Ikoma-san mengangkat mugnya seperti cawan, jadi aku juga mengangkat gelas kertasku sebagai balasan. Itu mungkin terlihat seperti semacam sumpah.

 

 

***

 

 

"Selamat datang kembali, Donguri~"

 

"……Aku pulang, Donguri."

 

Saat aku pulang, Ritsuka menyambutku dengan bercanda. Aku juga membalasnya dengan nada yang sama.

 

Pembuatan merchandise berdasarkan karya asli membutuhkan pemahaman yang lebih dari cukup tentang karya aslinya. Karena memiliki aspek fan goods, tidak mungkin laku jika membuat sesuatu yang tidak diakui oleh penggemar.

 

Oleh karena itu, aku langsung mulai menonton Nendonguri berulang-ulang di rumah setelah mendengar tentang penunjukanku sebagai penanggung jawab dari kepala departemen. Tidur pun, bangun pun, Nendonguri. Soalnya karya ini hanya berdurasi 3 menit per episode, dan total 12 episode, jadi totalnya hanya 36 menit. Oleh karena itu, maraton penuh Nendonguri dapat dengan mudah dilakukan berkali-kali dalam sehari. Apa-apaan maraton penuh

Nendonguri ini……

 

"Dondon don……guriguri?"

 

"Ah, kakak iparmu datang ke rapat hari ini. Dia tetap seperti biasanya."

 

"Dodon……"

 

"Aku tegang sekali."

 

‘Apa kalian gila?’

 

Nyan-kichi bereaksi dengan wajah datar terhadap percakapan misteriusku dan Ritsuka. Kupikir dia berbicara dengan normal……tapi mungkin karena kami yang justru tidak berbicara dengan normal.

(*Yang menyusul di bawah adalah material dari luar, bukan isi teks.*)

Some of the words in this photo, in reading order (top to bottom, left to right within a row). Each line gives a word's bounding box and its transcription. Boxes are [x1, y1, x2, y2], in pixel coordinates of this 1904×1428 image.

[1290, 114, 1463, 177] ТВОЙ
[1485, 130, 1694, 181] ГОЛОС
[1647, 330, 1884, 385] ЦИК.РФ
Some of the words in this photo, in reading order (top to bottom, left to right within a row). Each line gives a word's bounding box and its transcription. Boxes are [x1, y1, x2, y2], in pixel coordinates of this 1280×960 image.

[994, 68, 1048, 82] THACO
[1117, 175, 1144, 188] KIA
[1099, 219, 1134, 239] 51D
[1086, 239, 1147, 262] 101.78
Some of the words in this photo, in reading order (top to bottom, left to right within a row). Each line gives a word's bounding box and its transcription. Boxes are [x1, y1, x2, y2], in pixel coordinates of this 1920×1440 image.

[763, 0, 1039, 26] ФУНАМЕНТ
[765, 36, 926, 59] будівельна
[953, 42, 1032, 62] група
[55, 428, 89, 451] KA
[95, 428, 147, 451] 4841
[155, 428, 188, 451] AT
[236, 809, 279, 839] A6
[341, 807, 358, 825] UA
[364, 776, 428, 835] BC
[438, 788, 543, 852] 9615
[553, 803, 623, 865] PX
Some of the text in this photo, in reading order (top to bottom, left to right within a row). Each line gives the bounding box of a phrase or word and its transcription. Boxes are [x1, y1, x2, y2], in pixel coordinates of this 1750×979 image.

Yah, aku juga hanya membalas dengan asal-asalan.

 

Sebagai penjelasan sebelumnya, Nendonguri memang memiliki gerakan lucu pada karakternya, tetapi tidak ada dialog bersuara sama sekali. (Semua dialog adalah efek suara)

 

Artinya, para karakter tidak pernah mengatakan selamat datang kembali, Donguri, dan mereka juga tidak berbicara dalam bahasa Donguri. Semuanya orisinal Ritsuka. Meskipun agak lancang……karena dia adik kandungnya, mungkin tidak apa-apa, mungkin.

 

"Dontokoi koi Guritto kaiten Donguri donguri donna handan~"

 

Sambil bernyanyi, Ritsuka pergi ke dapur. Ini bukan orisinal Ritsuka, melainkan lagu tema pembuka Nendonguri. Lirik, komposisi, dan vokal semuanya oleh kakak iparku. Lagunya sangat khas dan jujur aku tidak suka, tetapi sangat populer di kalangan anak-anak.

 

Lebih lanjut, menurut desas-desus, kakak iparku mungkin akan diundang ke acara akhir tahun Kouhaku Uta Gassen tahun ini. Keputusan macam apa itu.

 

Sebagai informasi tambahan, episode utama yang hanya berdurasi 3 menit, satu menitnya dihabiskan untuk opening. Keputusan macam apa itu.

 

(Ritsuka bilang tidak baik membawa pekerjaan ke rumah, tapi untuk yang satu ini mau bagaimana lagi)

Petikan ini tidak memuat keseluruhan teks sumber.